Beş maddede kârlı sonuçlar
Alınan kararla Almanya’nın kârlı sonuçlar elde etmeyi hedeflediğini belirten Selvi, bunları beş maddede şöyle sıraladı: “Almanya bu hamlesi ile beş maddede kârlı sonuçlar elde etmeyi hedefliyor: 1- Kendi içindeki Türkiye karşıtı grupları (aşırı Kürt Milliyetçilerini, sosyalistleri vb.) tatmin etmek. 2- Mülteciler konusunda ayak direyen Türkiye’yi dize getirmek, en azından isteklerini sınırlamak. 3- Avrupa Birliği'nin terörle mücadele konusunda PKK’yı terör örgütü listesinden çıkarmayı tavsiye eden, 1915 olaylarını soykırım olarak tanımasını isteyen kararlarını yok sayan Türkiye’ye kararlılığını göstermek, Güneydoğu Anadolu’daki mücadeleden vazgeçmesini sağlamak. 4- Tarihte Almanlar'dan başka milletlerin de soykırım yaptığını tarih kitaplarına yerleştirerek bu olayı içselleştirmek ve kendi gelecek nesillerini bu utançtan kurtarmak. Zira alınan karar sonunda 1915 olayları bir soykırım olarak Alman tarih ders kitaplarındaki yerini alacaktır. 5- Kendi sınırlarını aşan, Afrika’da, Ortadoğu’da, Balkanlar'da kısacası dünyanın birçok bölgesinde tarihi tutumunu değiştirerek aktif siyaset izleyen Türkiye Cumhuriyeti’ne bir uyarıda bulunmak. Görüldüğü üzere Ermeniler üzerinden Almanlar bir kararla çok karlı neticeler elde etmiş oluyorlar.”
İddialara Karşı Sessiz Kalınmamalı
1915 yılında yaşanan olaylarının soykırım olmadığının altını çizen Prof.
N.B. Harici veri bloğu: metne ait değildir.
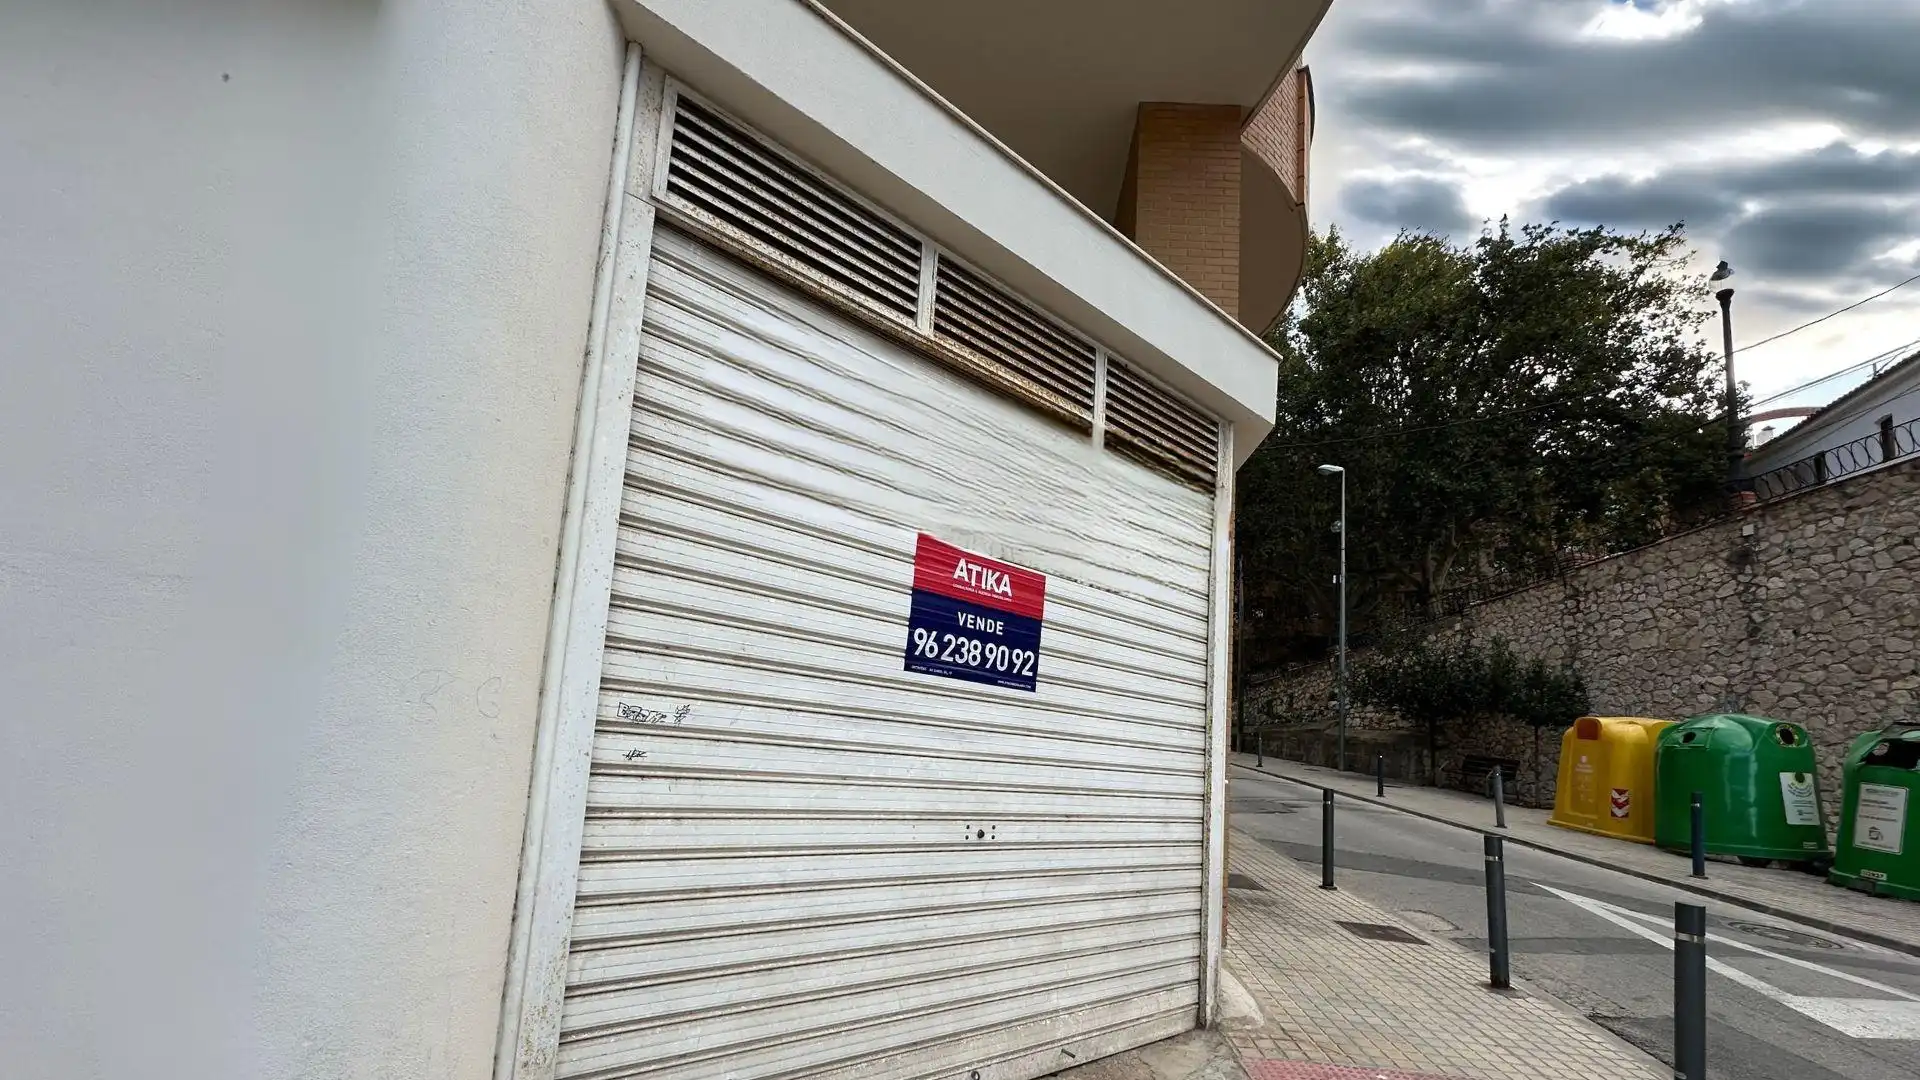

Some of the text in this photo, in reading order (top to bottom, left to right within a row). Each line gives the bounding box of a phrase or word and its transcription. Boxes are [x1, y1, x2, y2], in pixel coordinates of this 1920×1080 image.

Dr. Selvi: “Bu olayların soykırım olduğunu gösteren ne bir kanıt ne de bir tarihi belge vardır. Ermeniler de bu delillere ve belgelere sahip olmadıklarından ve olaylar savaş sırasında yaşanan olağan şeyler olduğundan siyasi manevralarla Türkiye’yi bu kararı kabule zorluyorlar. Ayrıca bu olaylar sırasında Alman subaylarının da müttefik Osmanlı ordusu içinde önemli görevlerde bulunduklarını da unutmamak gerekiyor” diye konuştu. 
Türkiye’nin ekonomik olarak ilişkilerini sürdürmesi gerektiğini belirten Selvi, buna karşın bu iddialar karşısında sessiz kalınmaması gerektiğini kaydetti. Bu iddaların ve Batılılıların bu tarz hareketlerinin hiç bitmeyeceğini dile getiren Prof. Dr. Haluk Selvi: “Türkiye kararlılıkla siyasi, iktisadi ve askeri büyümesini sürdürerek milli birliğini bir an evvel sağlamak zorundadır. Bütün bu iddialar ve baskılar ancak güçlü bir Türkiye ile etkisiz hale getirilebilir. Zira bu iddialar ve Batılıların bu tarz hareketleri hiç bitmeyecektir. Milletimiz hem bugün hem de tarihin her döneminde medeniyetler inşa etmiş, insanlara adaletle muamele etmiş bir kültürün varisidirler” diye konuştu.